Eventually, after three years of the Kalikow team’s ruinous mismanagement, which included the Bonanno crime family’s use of the paper’s delivery trucks to move drugs and other contraband around the five boroughs and all of New York State, things became so bad the newsroom revolted, blocked the entrances and stairwells, won the support of the pressmen and produced three rebel editions attacking Kalikow, who by then was bankrupt, and the most recent owner, a protege of Jeffrey Epstein who would soon spend the next 12 years behind bars. In 50 years of pounding keyboards, branding my proprietor “a drooling old fool” in 84-point type remains some of the most fun I’ve ever had, but that is a story for another day.

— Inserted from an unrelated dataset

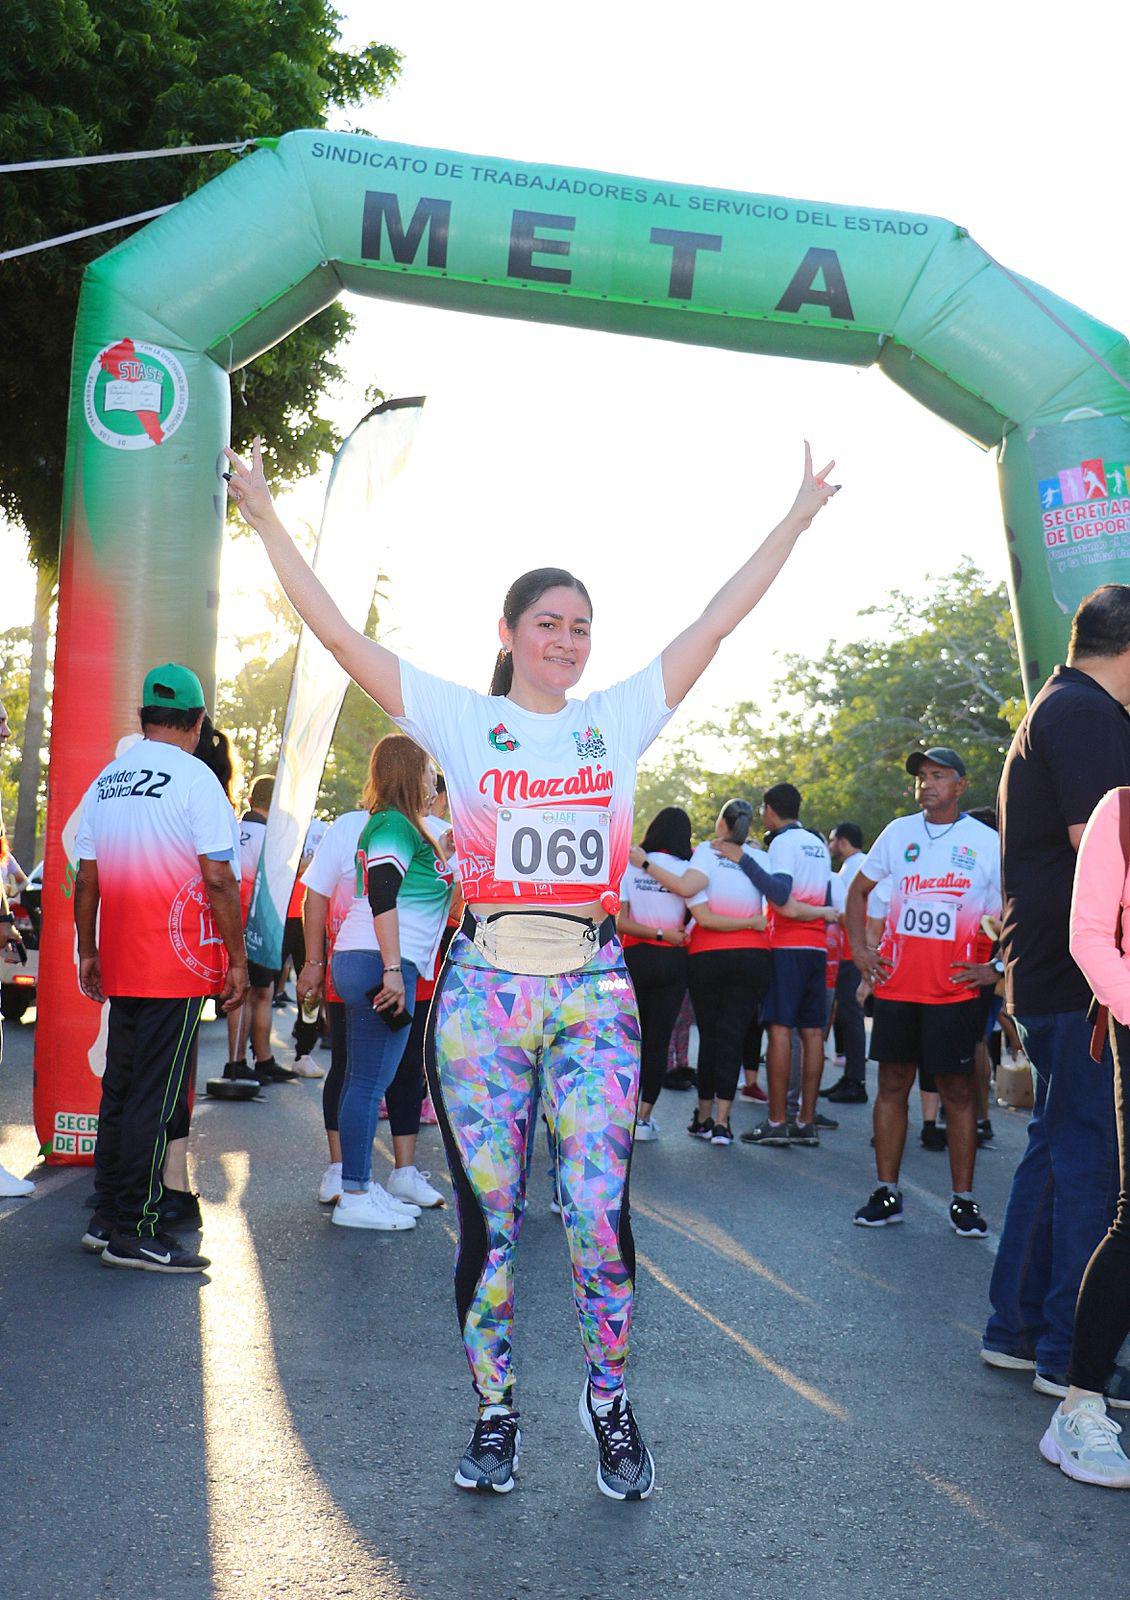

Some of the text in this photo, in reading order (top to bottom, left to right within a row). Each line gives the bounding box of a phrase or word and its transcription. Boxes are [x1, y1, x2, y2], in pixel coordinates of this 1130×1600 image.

The great deficiency Nachman (right) brought to the job, apart from being a TV guy rather than a newspaperman, was that, while a master of “managing up” and remaining in Kalikow’s good graces, he was a hopeless editor where it mattered most — in the newsroom. A memory that will never fade is of this short, round, corpulent man sound asleep in his editor’s chair, a half-eaten jam donut gripped in one hand and a dusting of castor sugar crusting his cascade of chins. As it was time for the afternoon news-planning session, we were gathered at his office door and wondering if we should wake him. “F*** Fatso,” said night editor Jimmy Lynch, who disliked him more than most. “He can’t screw up anything else if he’s asleep.” So we left him to his snoring, quietly shut door and had our afternoon meeting to decide what might lead the next day’s paper — a story, if I remember correctly, about city bureaucrats stealing hundredweights of small coins from parking meters.
I have no doubt that whatever else he has done, David Anderson has never slept with a donut, but what he and Nachman have in common is the absence of a direct and supervisory involvement in what their respective minions did and do. This, even more than the bias and nepotism that characterises the ABC, is the saddest deficiency of his management. Max Suich’s politics, it is safe to say, heel to port, which cannot be disputed by anyone who recalls the National Times of David Marr, Marian Wilkinson, Brian Toohey and other bylines that should have been sent to the compositors with the sub’s instruction to “always set flush left”. But at the Sun-Herald, a middle-of-the-road paper, he did what good editors should do — tailored his editorial cloth to suit the 800,000+ readers who purchased us every Sunday. They weren’t too interested in purported CIA conspiracies to oust Whitlam or the furtive mischief of the Nugan-Hand bank. What they wanted was what was mainstream journalism was then all about — stories played with a relatively straight bat in a bright and spritely package.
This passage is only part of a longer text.